[Stored entries]
◆ ◆ ◆ ◆ ◆

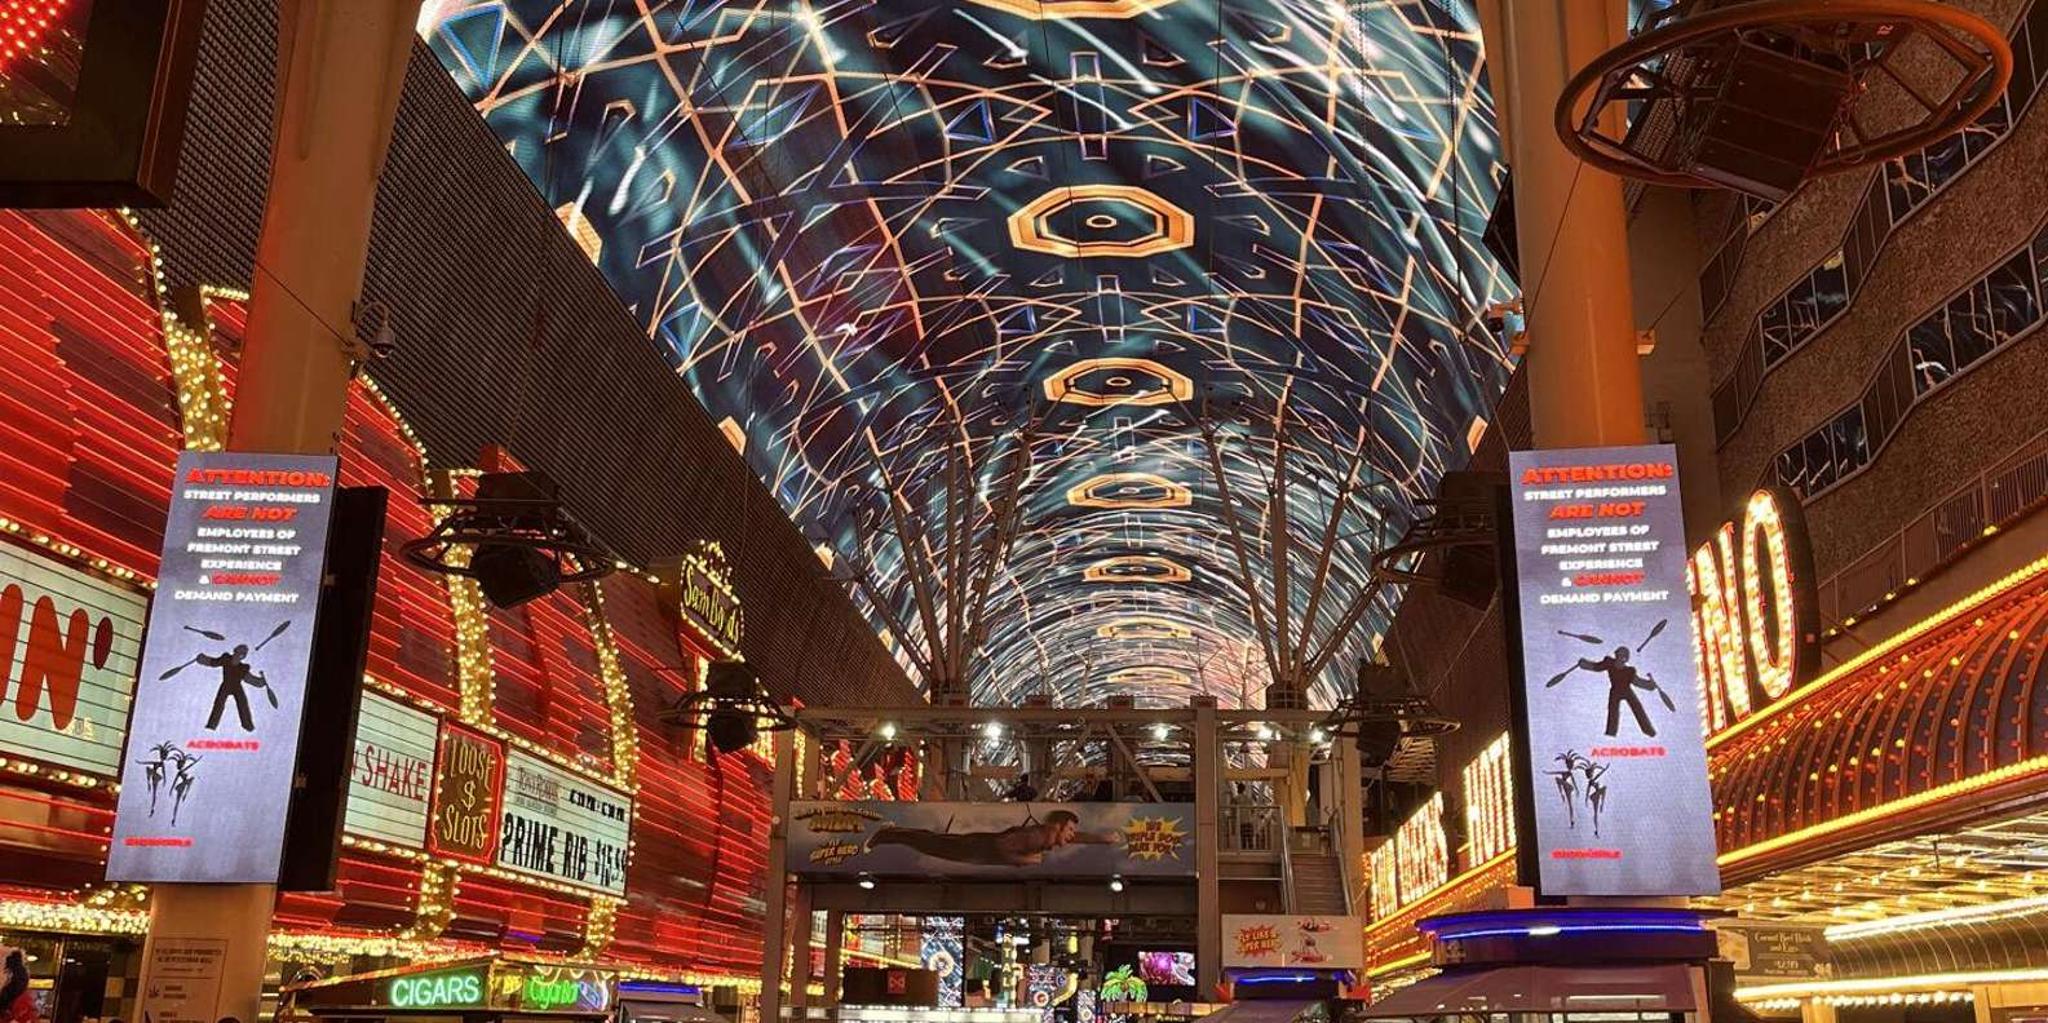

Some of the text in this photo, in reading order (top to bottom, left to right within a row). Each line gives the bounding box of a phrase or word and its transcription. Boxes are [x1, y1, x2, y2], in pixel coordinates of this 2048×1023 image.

[186, 468, 331, 488] ATTENTION:
[1522, 463, 1674, 486] ATTENTION:
[184, 490, 320, 503] STREET PERFORMERS
[1524, 485, 1667, 501] STREET PERFORMERS
[203, 505, 297, 521] ARE NOT
[1549, 501, 1646, 519] ARE NOT
[197, 527, 296, 539] EMPLOYEES OF
[1547, 525, 1650, 539] EMPLOYEES OF
[187, 543, 301, 556] FREMONT STREET
[1541, 541, 1660, 555] FREMONT STREET
[201, 559, 282, 571] EXPERIENCE
[1559, 558, 1643, 571] EXPERIENCE
[1561, 577, 1572, 587] &
[175, 590, 299, 604] DEMAND PAYMENT
[1540, 590, 1669, 605] DEMAND PAYMENT
[186, 740, 259, 751] ACROBATS
[1591, 746, 1666, 757] ACROBATS
[362, 745, 427, 801] SHAKE
[450, 738, 495, 793] LOOSE
[461, 779, 476, 811] $
[444, 804, 487, 849] SLOTS
[502, 812, 558, 874] PRIME
[562, 831, 588, 881] RIB
[391, 975, 480, 1007] CIGARS
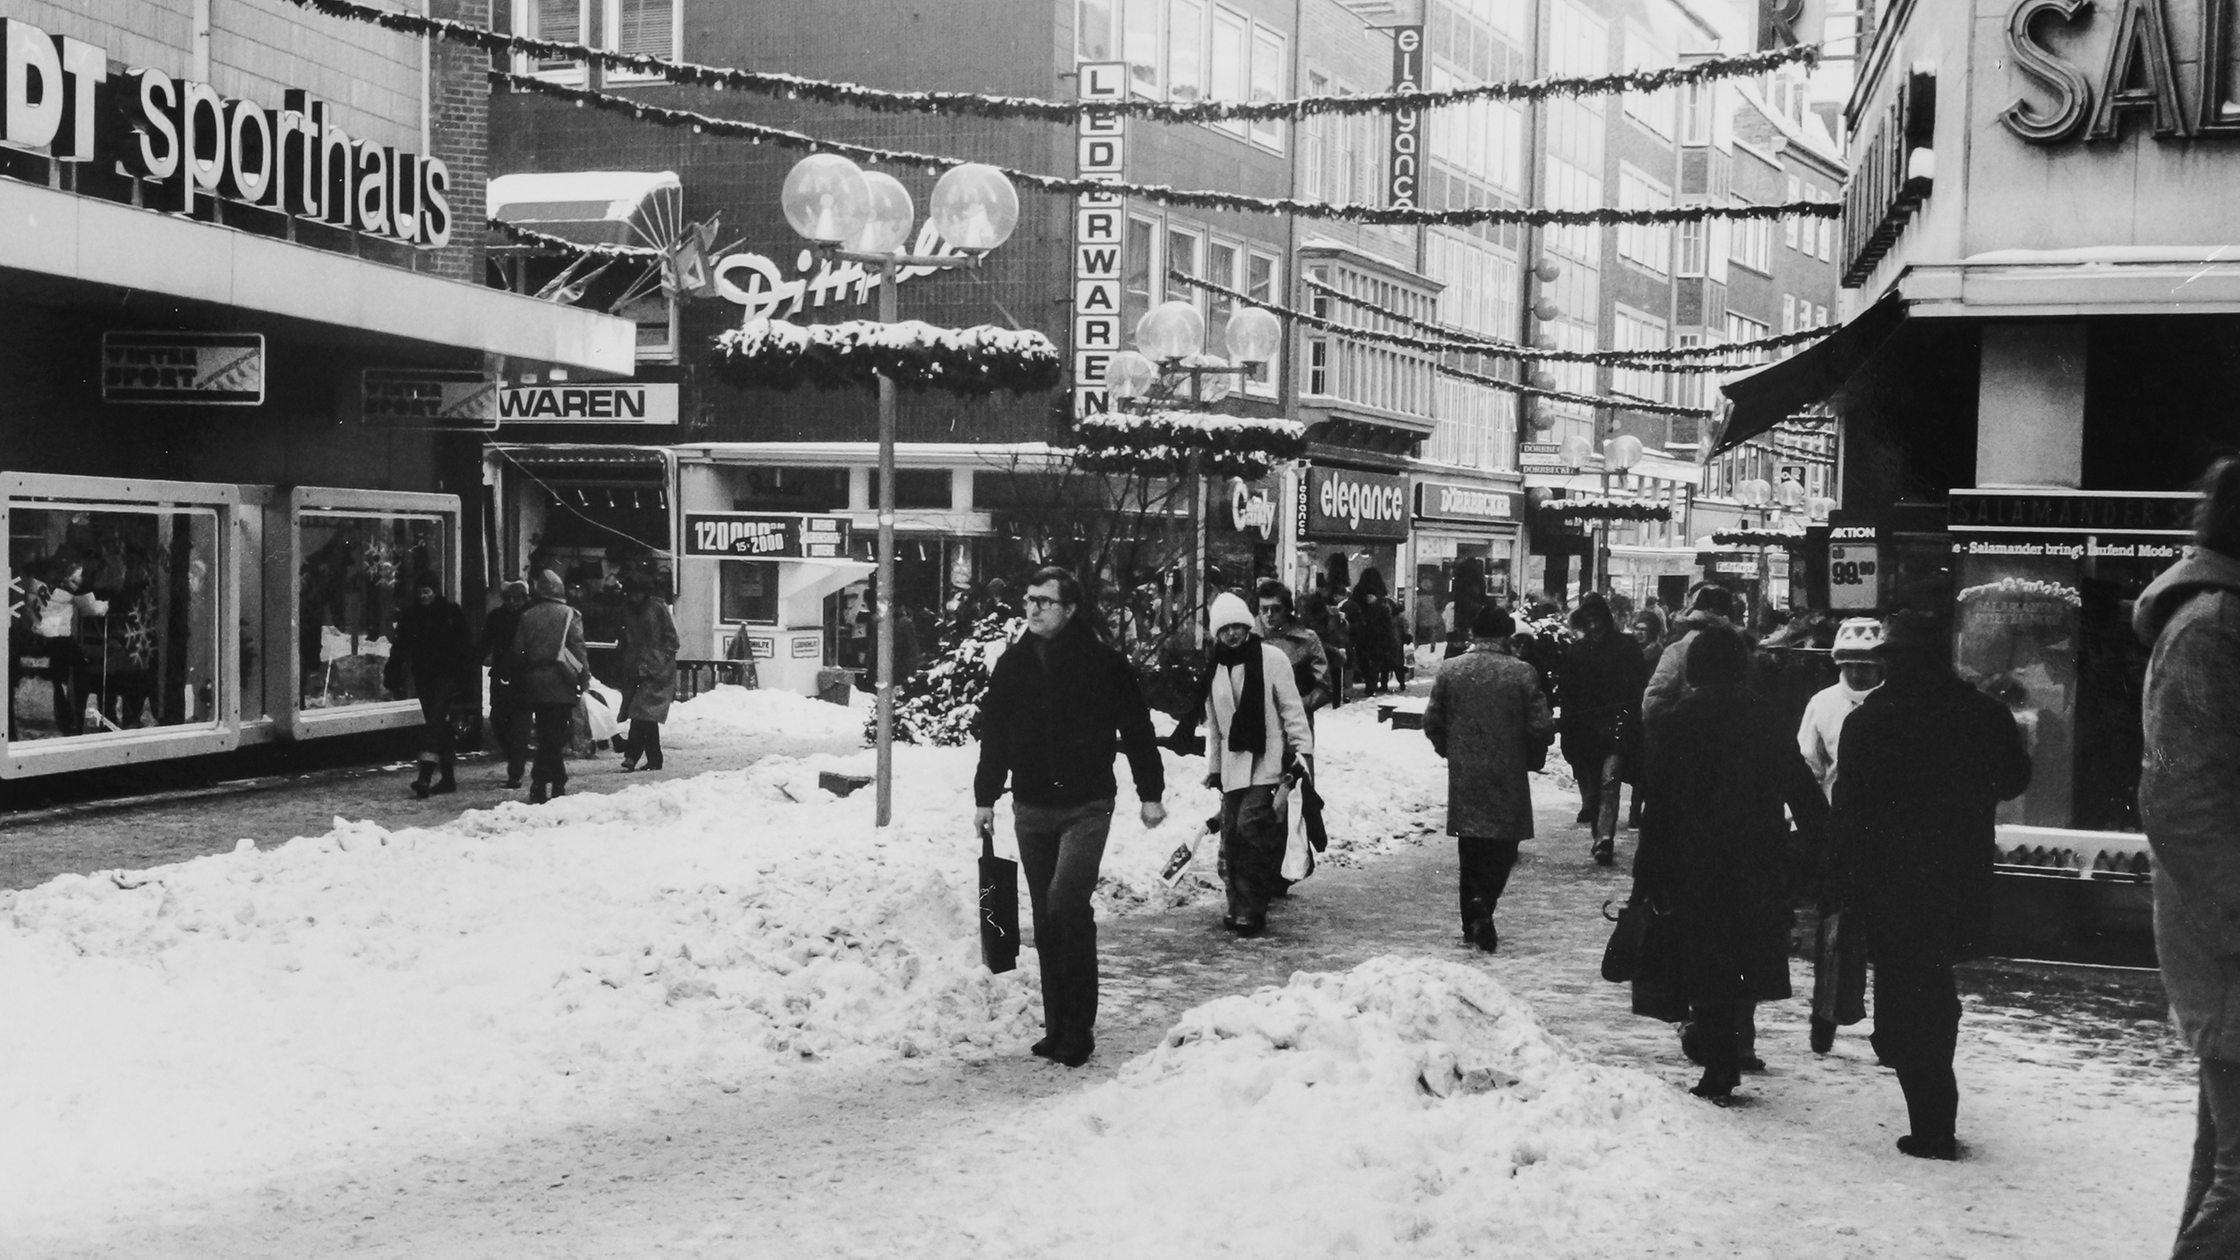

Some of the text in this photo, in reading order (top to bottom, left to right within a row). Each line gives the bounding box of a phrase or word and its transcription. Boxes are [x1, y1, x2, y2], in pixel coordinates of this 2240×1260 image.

[1999, 0, 2240, 142] SAL
[3, 17, 452, 249] DT sporthaus
[500, 388, 646, 419] WAREN
[1319, 472, 1404, 531] elegance
[750, 533, 785, 554] 2000
[1829, 527, 1876, 539] AKTION
[1969, 541, 2044, 555] Salamander
[2045, 542, 2085, 559] bringt
[2138, 544, 2174, 557] Mode

◆ ◆ ◆ ◆ ◆

# TASK STATEMENT
Restate the records above exactly, less any pictures.

# TASK OUTPUT
Some of the text in this photo, in reading order (top to bottom, left to right within a row). Each line gives the bounding box of a phrase or word and its transcription. Boxes are [x1, y1, x2, y2], in pixel coordinates of this 2048×1023 image.

[186, 468, 331, 488] ATTENTION:
[1522, 463, 1674, 486] ATTENTION:
[184, 490, 320, 503] STREET PERFORMERS
[1524, 485, 1667, 501] STREET PERFORMERS
[203, 505, 297, 521] ARE NOT
[1549, 501, 1646, 519] ARE NOT
[197, 527, 296, 539] EMPLOYEES OF
[1547, 525, 1650, 539] EMPLOYEES OF
[187, 543, 301, 556] FREMONT STREET
[1541, 541, 1660, 555] FREMONT STREET
[201, 559, 282, 571] EXPERIENCE
[1559, 558, 1643, 571] EXPERIENCE
[1561, 577, 1572, 587] &
[175, 590, 299, 604] DEMAND PAYMENT
[1540, 590, 1669, 605] DEMAND PAYMENT
[186, 740, 259, 751] ACROBATS
[1591, 746, 1666, 757] ACROBATS
[362, 745, 427, 801] SHAKE
[450, 738, 495, 793] LOOSE
[461, 779, 476, 811] $
[444, 804, 487, 849] SLOTS
[502, 812, 558, 874] PRIME
[562, 831, 588, 881] RIB
[391, 975, 480, 1007] CIGARS

Some of the text in this photo, in reading order (top to bottom, left to right within a row). Each line gives the bounding box of a phrase or word and its transcription. Boxes are [x1, y1, x2, y2], in pixel coordinates of this 2240×1260 image.

[1999, 0, 2240, 142] SAL
[3, 17, 452, 249] DT sporthaus
[500, 388, 646, 419] WAREN
[1319, 472, 1404, 531] elegance
[750, 533, 785, 554] 2000
[1829, 527, 1876, 539] AKTION
[1969, 541, 2044, 555] Salamander
[2045, 542, 2085, 559] bringt
[2138, 544, 2174, 557] Mode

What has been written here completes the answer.